Era imprescindible conseguir a toda costa una grabación del concierto.

32

Doña Susana Rodríguez Lanchas tenía la inveterada costumbre, al salir de casa por la mañana, de abrir el buzón, coger las cartas que hubiera dentro, echarlas al bolso y abrirlas más tarde con tranquilidad, en su despacho del juzgado, durante alguno de los tiempos muertos que invariablemente se producían a lo largo de su jornada laboral.

Aquella mañana, al abrir un sobre con membrete del banco en el que tenía sus ahorros, se encontró con que, en vez de un extracto contable, lo que había dentro era un anónimo, confeccionado con el viejo sistema de pegar en el folio una serie de palabras recortadas de una revista. El texto decía:

HIJA DE PUTA, PON EN LIBERTAD A CACABELOS

O TE ARRANCAREMOS LA CABEZA

Anxo Cacabelos era el principal imputado en un complejo sumario por narcotráfico que la juez llevaba instruyendo desde hacía meses. La defensa de este capo gallego de las drogas, liderada por un turbio letrado capaz de cualquier maniobra que le posibilitara aparecer en los medios de comunicación, había pedido la libertad bajo fianza y la juez la había denegado ya en un par de ocasiones, argumentando riesgo de fuga y de reiteración del delito. Aunque doña Susana había oído hablar de un par de colegas suyos que habían sido amenazados en algún momento de su carrera por los familiares o amigos de un imputado, para ella este anónimo era su bautismo de fuego. Nada más leerlo notó cómo el corazón se le disparaba a ciento cincuenta pulsaciones por minuto, al tiempo que empezaba a faltarle el aire. Se levantó de la silla, abrió la ventana, inspiró una bocanada de aire fresco y se volvió a sobresaltar al oír cómo alguien a su espalda abría la puerta de su despacho sin llamar. Era el forense asignado al juzgado, Felipe Pontones, el único con la confianza suficiente como para irrumpir sin avisar en el sanctasanctórum de la magistrada. Cuando esta se volvió para saludarle, el médico se dio cuenta de que la juez estaba visiblemente alterada, por más que tratara de dominarse.

—¿Qué ocurre, Susana?

La juez no dijo nada, se limitó a señalar con un gesto de la cabeza hacia la mesa sobre la que descansaba el anónimo que acababa de recibir. El forense, que estuvo a punto de coger con la mano la carta, se percató, un segundo antes de establecer contacto con el papel, de que el escrito era un anónimo y tras extraer un bolígrafo del bolsillo interior de su chaqueta, lo utilizó para, evitando el contacto con los dedos, girar el folio hacia él, de modo que le fuera más fácil leerlo.

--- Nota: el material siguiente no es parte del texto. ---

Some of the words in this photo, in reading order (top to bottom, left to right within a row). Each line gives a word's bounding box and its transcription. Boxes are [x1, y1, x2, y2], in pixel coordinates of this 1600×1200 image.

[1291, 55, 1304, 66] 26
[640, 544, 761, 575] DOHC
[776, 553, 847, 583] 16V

—¿Cuándo ha llegado? —preguntó con gesto grave.

—Lo acabo de abrir. Creí que era una carta del banco.

El forense examinó también el sobre bancario en el que habían metido el escrito amenazador, cuidándose otra vez de no establecer contacto directo con el mismo.

—Estos hijos de puta saben tu dirección personal.

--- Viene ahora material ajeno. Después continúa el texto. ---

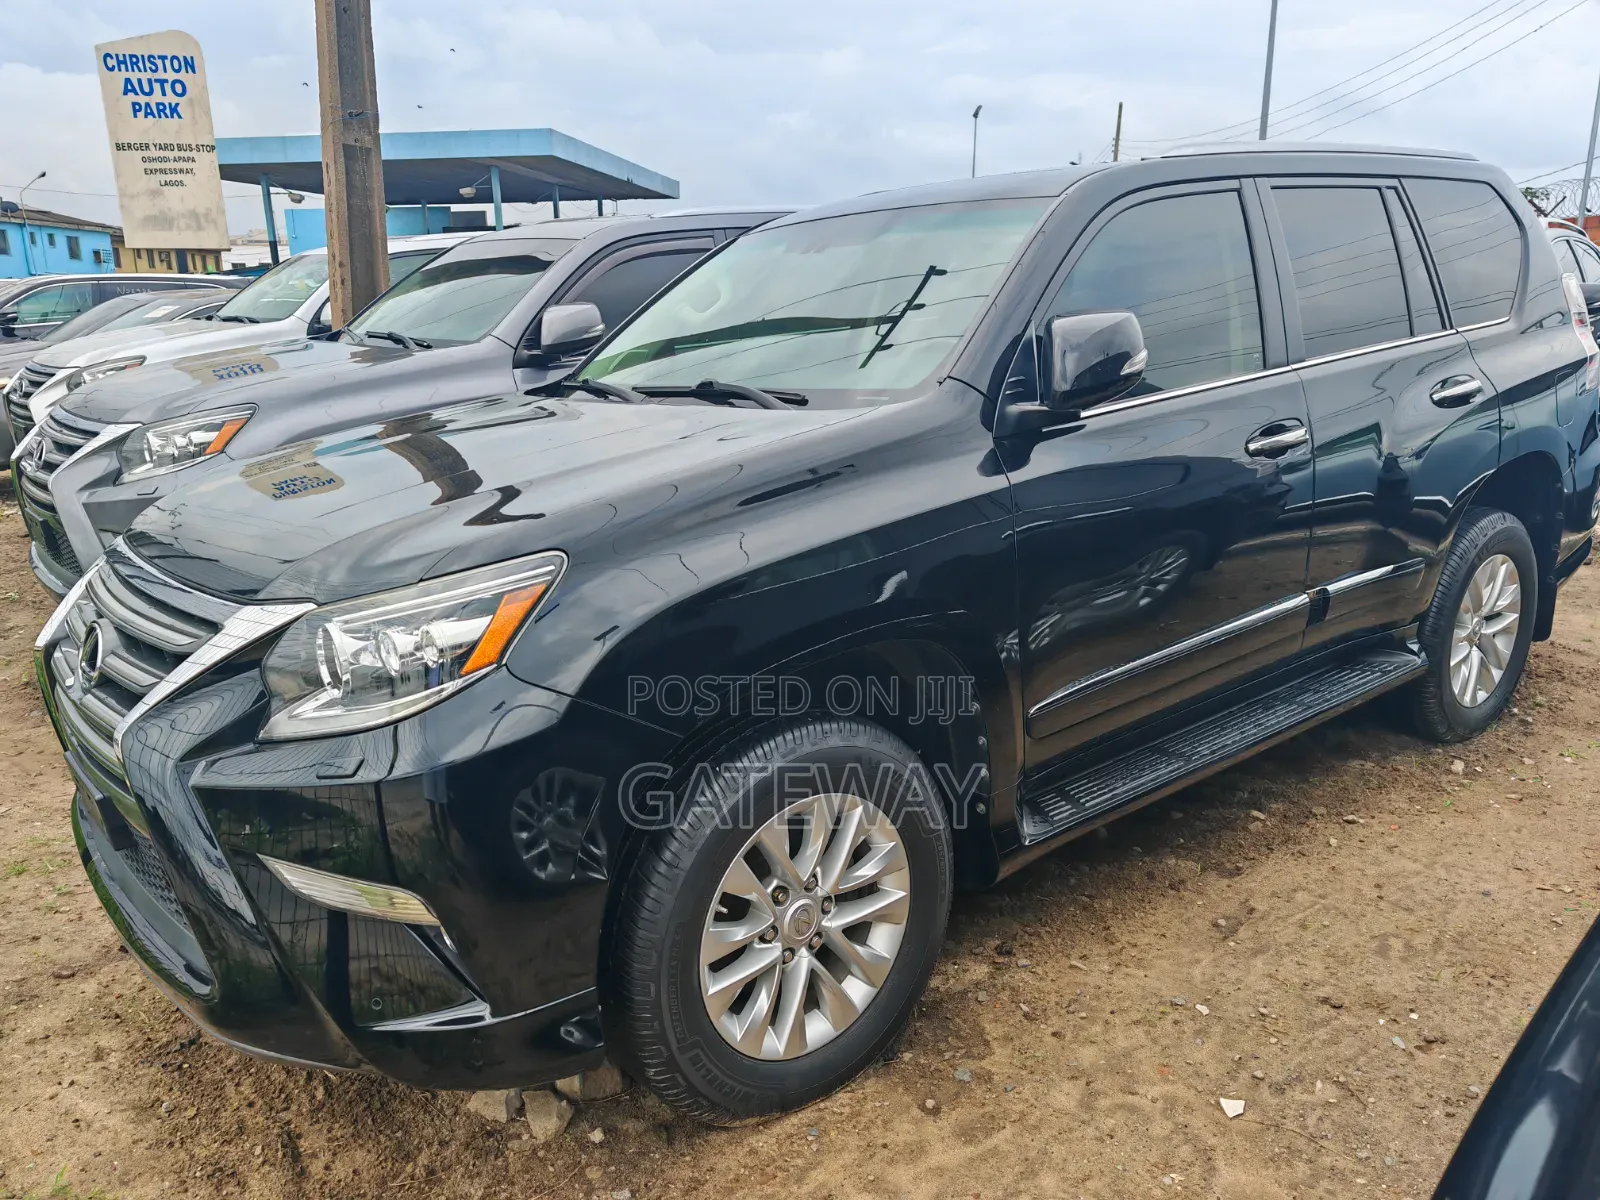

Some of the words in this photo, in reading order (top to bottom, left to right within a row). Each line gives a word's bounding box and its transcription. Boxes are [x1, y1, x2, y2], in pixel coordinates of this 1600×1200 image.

[103, 53, 196, 74] CHRISTON
[123, 77, 187, 98] AUTO
[132, 102, 182, 119] PARK
[115, 143, 151, 152] BERGER
[152, 143, 175, 152] YARD
[176, 143, 216, 153] BUS-STOP
[142, 156, 196, 164] OSHODI-APAPA
[144, 168, 195, 176] EXPRESSWAY,

—Por eso me he puesto taquicárdica. El sobre estaba en el buzón de casa.

El forense desapareció unos instantes y volvió a entrar con su maletín de trabajo, del que extrajo unos guantes de látex que se puso antes de examinar con más detenimiento los papeles, y un par de bolsas de plástico para guardar pruebas, en las que acabó introduciendo el sobre y la carta.

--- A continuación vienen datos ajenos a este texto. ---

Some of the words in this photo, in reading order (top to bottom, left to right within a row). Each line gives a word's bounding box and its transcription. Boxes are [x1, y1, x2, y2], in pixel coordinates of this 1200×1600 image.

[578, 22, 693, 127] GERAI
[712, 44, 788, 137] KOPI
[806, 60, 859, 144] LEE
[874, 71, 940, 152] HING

—Como encontremos huellas, van a caer con todo el equipo —dijo el médico.

—No te hagas ilusiones, Felipe.

—Bueno, bueno, nunca se sabe. Conozco a un compañero en dactiloscopia que es capaz de encontrar huellas latentes hasta por medio de ultrasonidos. Y desde luego, hay que pedir hoy mismo al Ministerio de Interior que te pongan una escolta.

—Sí, sí, claro, una escolta —respondió la juez. Pero lo dijo en un tono de tan poco convencimiento, que provocó una reacción por parte del forense.

—Susana, que estos tíos no se andan con bromas.

—Ya lo sé. ¿Por qué habrán optado por las amenazas en vez de por el soborno? Con lo bien que me vendría en este momento un millón de euros.

—Es lo malo de tener fama de incorruptible, Susana.

La juez iba a replicar algo cuando fue interrumpida por un oficial del juzgado, que asomó la cabeza por la puerta entreabierta del despacho.

—Señoría, está aquí el inspector Mateos. Dice que solo le va a robar cinco minutos.

—Que pida cita. Ahora no puedo.

—Dice que es importante, Señoría.

—Que no, que pida cita y vuelva otro día.

El oficial se retiró, cerrando la puerta tras de sí, pero cinco segundos más tarde, tras dos golpes secos de llamada, se abrió otra vez la hoja y apareció el inspector Mateos.

—Señoría, perdone que la interrumpa.

—¿No le acaba de decir mi oficial que es un mal momento?

—Es por el sumario Thomas, Señoría. Se trata de un caso de homicidio.

—Como si no lo supiera.

La juez se sentó resignada ante la persistencia de Mateos y se dijo a sí misma que lo más sabio era afrontar lo antes posible la molestia de escuchar al policía.

—A ver, dígame lo que tienen hasta ahora.

El inspector lanzó una mirada furtiva hacia el forense. Se le veía incómodo por tener que hacer confesión de su propia impotencia ante una tercera persona. Por fin dijo:

—Lo mismo que comunicamos en el primer atestado. La investigación se ha estancado.

—Pues entonces habrá que archivar el caso.

—Pero hay algo que no hemos hecho hasta ahora.

—¡No me vendrá a pedir de nuevo que pinchemos teléfonos como si fueran aceitunas rellenas! Ya conoce la doctrina del Supremo sobre esta materia.

—La conozco, Señoría, pero también sé que hay una víctima mortal.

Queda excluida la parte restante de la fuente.